Tomasz Latos
Michał Jędryka: Przeczytałem dziś niepokojącą informację. Jeden z doradców premiera mówi, że możemy mieć kolejne lockdowny. Jak bardzo należy się tego obawiać?
Tomasz Latos: Niestety 1,5-roczne doświadczenia każą nam podchodzić z dużą pokorą do rzeczywistości, koronawirusa i tego, co się dzieje w pandemii. To oznacza, że powinniśmy być przygotowani na każdy scenariusz, nawet ten najgorszy – zwłaszcza, jeżeli tylko część społeczeństwa się zaszczepi. Dlatego tak ogromnie ważną sprawą jest, abyśmy wszyscy - ci, którzy mogą, szczepili się. Dopiero to daje nam ochronę przed koronawirusem.
Pamiętajmy, że dochodzi do coraz to nowych mutacji, coraz bardziej groźnych.
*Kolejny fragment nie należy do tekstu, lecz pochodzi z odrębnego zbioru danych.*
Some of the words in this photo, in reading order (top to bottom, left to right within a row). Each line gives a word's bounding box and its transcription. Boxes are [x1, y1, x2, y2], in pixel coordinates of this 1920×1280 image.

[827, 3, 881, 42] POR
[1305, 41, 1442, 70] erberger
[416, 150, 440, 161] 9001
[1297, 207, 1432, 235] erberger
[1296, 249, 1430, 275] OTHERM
Na razie wiemy, że szczepienie chroni przed tymi mutacjami, ale nie wiemy, co będzie dalej. Aby pokonać pandemię, musimy być zaszczepieni i to jest nie tylko obowiązek wobec samych siebie i naszych najbliższych, ale także wobec wszystkich innych ludzi.
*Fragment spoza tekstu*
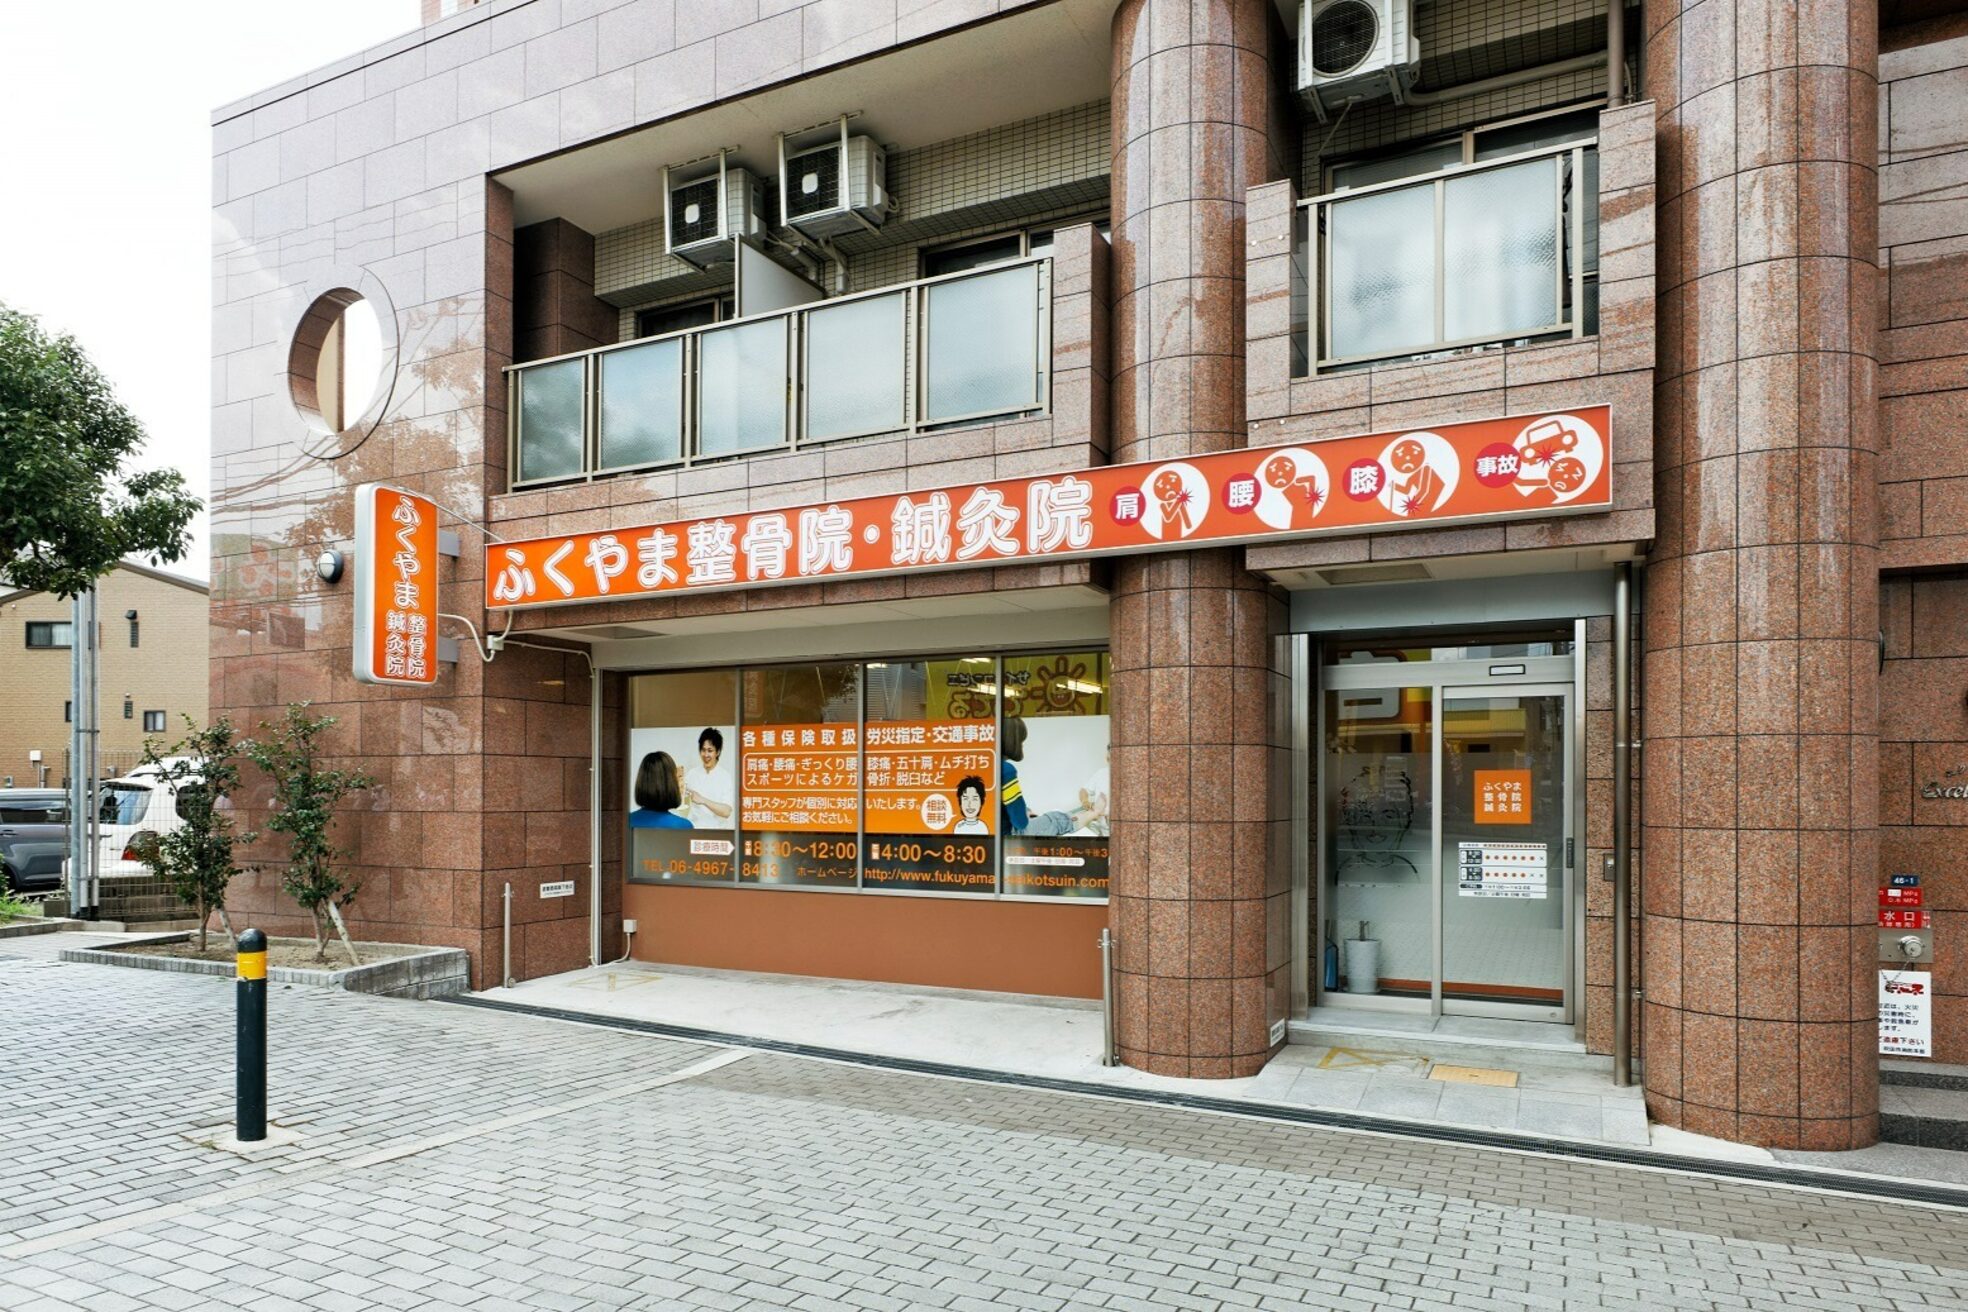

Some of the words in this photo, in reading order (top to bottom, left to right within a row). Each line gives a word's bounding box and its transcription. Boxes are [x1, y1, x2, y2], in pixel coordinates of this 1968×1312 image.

[1476, 453, 1519, 478] 事故
[1349, 465, 1379, 495] 膝
[1228, 479, 1256, 508] 腰
[1115, 492, 1140, 520] 肩
[493, 475, 1093, 601] ふくやま整骨院・鍼灸院
[392, 496, 421, 609] ふくやま
[407, 614, 427, 678] 整骨院
[743, 729, 857, 747] 各種保険取扱
[867, 724, 995, 745] 労災指定・交通事故
[747, 757, 858, 771] 肩痛・腰痛・ぎっくり腰
[867, 755, 990, 771] 膝痛・五十肩・ムチ打ち
[747, 772, 858, 786] スポーツによるケガ
[867, 771, 945, 786] 骨折・脱臼など
[1483, 782, 1522, 791] ふくやま
[742, 796, 858, 810] 専門スタッフが個別に対応
[866, 797, 921, 810] いたします。
[926, 799, 947, 812] 相談
[742, 811, 853, 825] お気軽にご相談ください。
[926, 812, 947, 825] 無料
[797, 867, 857, 880] ホームページ
[1884, 911, 1915, 922] 水口
Tymczasem mamy okres mniejszych zachorowań. Czy w tym okresie uda się zrobić to, co zapowiadaliście, czyli zlikwidować limity do specjalistów?
- Jestem przekonany, że tak. Działania są podejmowane, pracują nad tym osoby, które za to odpowiadają w Narodowym Funduszu Zdrowia. Myślę, że plan, który został zadeklarowany w żaden sposób nie jest zagrożony. Trochę cierpliwości i wszystko będzie jak najbardziej zrealizowane.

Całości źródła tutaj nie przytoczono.